I am curious if 6,000mg per day of ashwaganda for severe anxiety is really correct? I am taking ashwaganda but only 1200mg per day and it does not help enough. Is 6000mg per day safe for a 180lb male with severe anxiety? Should I try it?

Thank You,

    Dan - February 26, 2017

    Never taken that much… but with Ashwaganda, you should be fine at high doses. Just remember your body adapts very quickly to this herb, so don’t expect to be able to maintain that 6g dose with the same effect. Would love to hear how it goes tho — good luck!

      John - October 13, 2017

      I would like to know what evidence you have for stating “body adapts very quickly”. I have read numerous scientific articles on this herb and never read that anywhere. Here is one study

    Ben - October 13, 2017

    Yes, but you should be using the raw powder in warm milk not tabs of unknown origin. Also you should be taking b6 and fish oil. At least 6g a day.

    Greg - October 13, 2017

    Blake, Ashwaganda is a herb, not a drug. Grams are the order of the day not mgs. You should be taking around 6g min, a day of pure powder with warm milk and honey. Note capsules are often “extracts” the problem is you don’t know what they are extracting. Also they love to combine it with Rhodiola which can have the opposite effect on many people. Pure powder has been aryuveda medicine for 3000 years. Also you need to be taking fish oil, B6, magnesium every day and NOT drinking coffee, ever. Coffee is the kiss of death if you suffer from stress or anxiety. You can drink tea until the cows come home as it’s packed with theanine which actually makes you feel better.

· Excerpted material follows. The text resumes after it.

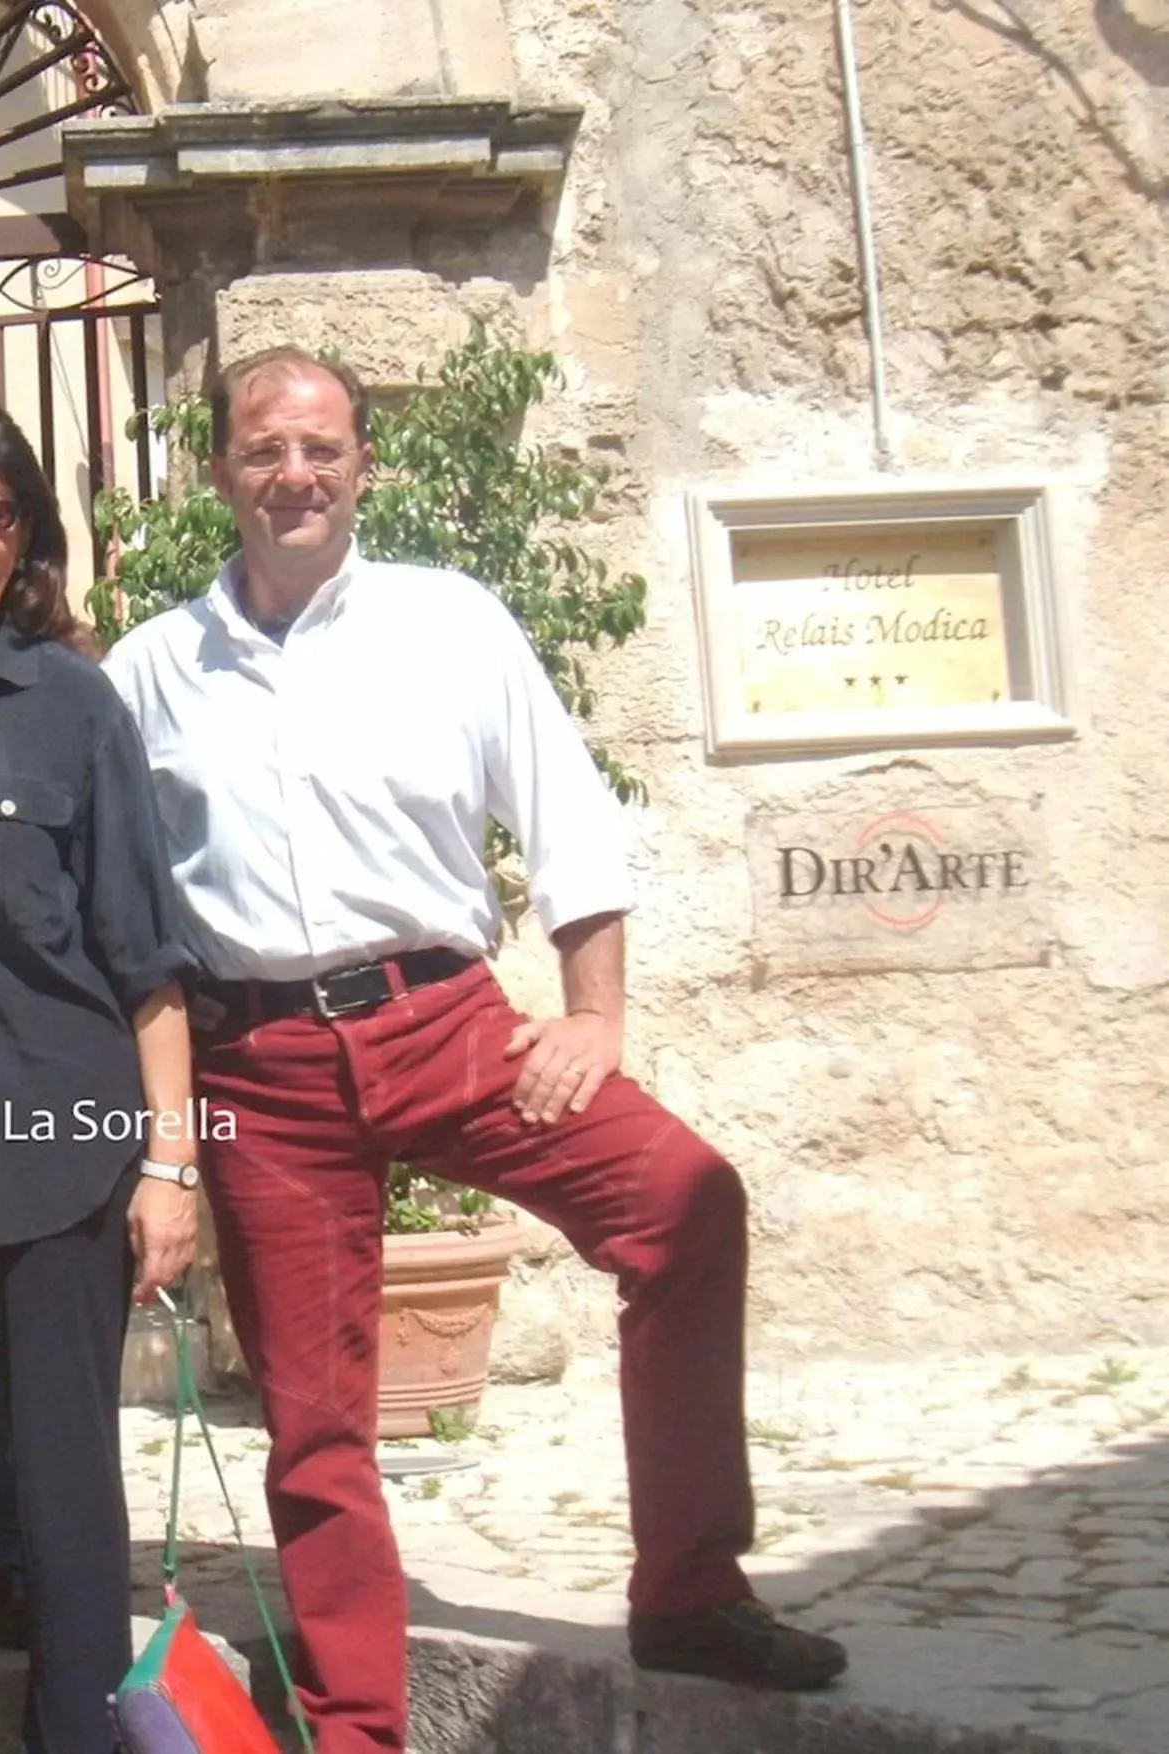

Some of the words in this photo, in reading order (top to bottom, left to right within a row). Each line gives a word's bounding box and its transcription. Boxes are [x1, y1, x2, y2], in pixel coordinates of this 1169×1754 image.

[822, 555, 919, 593] Hotel
[756, 612, 855, 655] Relais
[865, 607, 989, 648] Modica
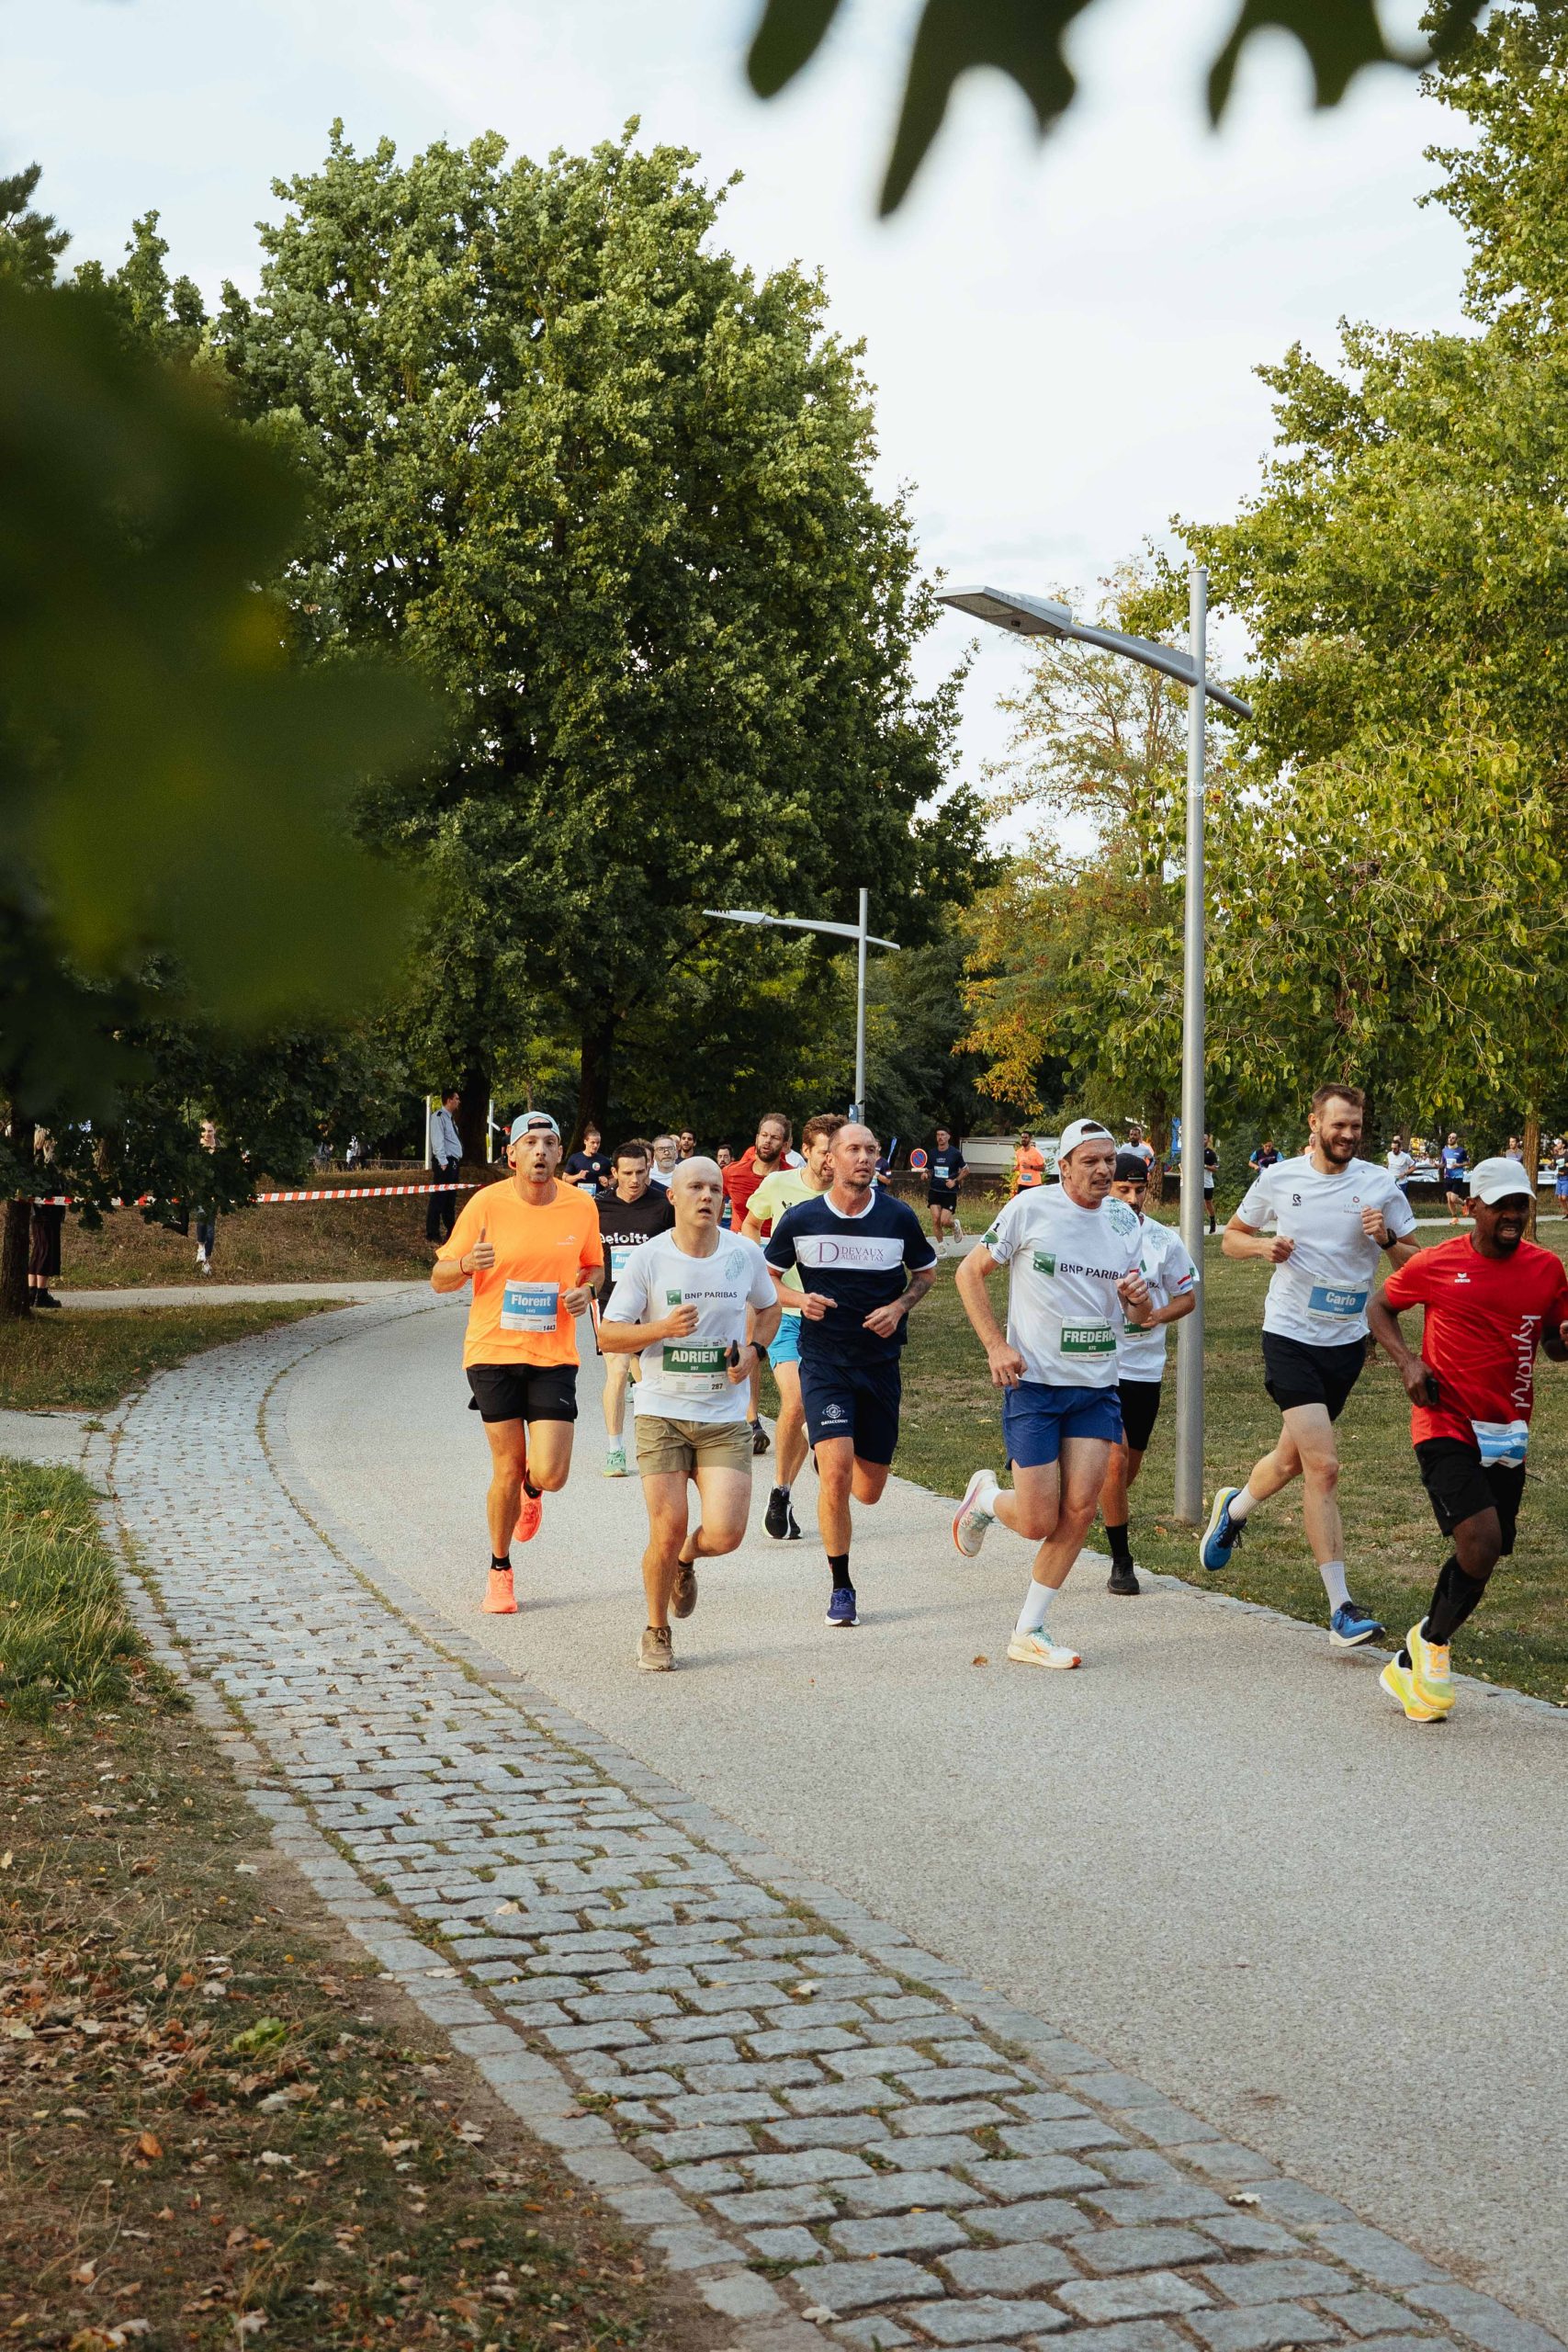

Michael - October 13, 2017

There have been numerous proper human studies proving the anti anxiety and anti depression effects of ashwagandha. These were done in Asia. Does that mean they don’t count? I’ve taken it and works very well.

John - October 19, 2017

Just one observation. Stay away from capsules and pills. Use the pure powder and take it the ayurveda way. One teaspoon in a 1/3 glass of hot milk with some honey at least 3x a day. Let is sit in the warm milk for at least an hour. No pharmacy purchased extracts or combinations of anything. That’s the same reason we have major problems with super bugs today. Some smart ass always trying to isolate the active ingredient. It works. I’ve been threw the whole lot; lavender, St Johns wort, Kava, passion flower etc etc. All rubbish. This stuff works and not just for depression/anxiety. Overall well being to. Turmeric is also pretty good (take with olive oil and black pepper) but second to ashwagandha imho.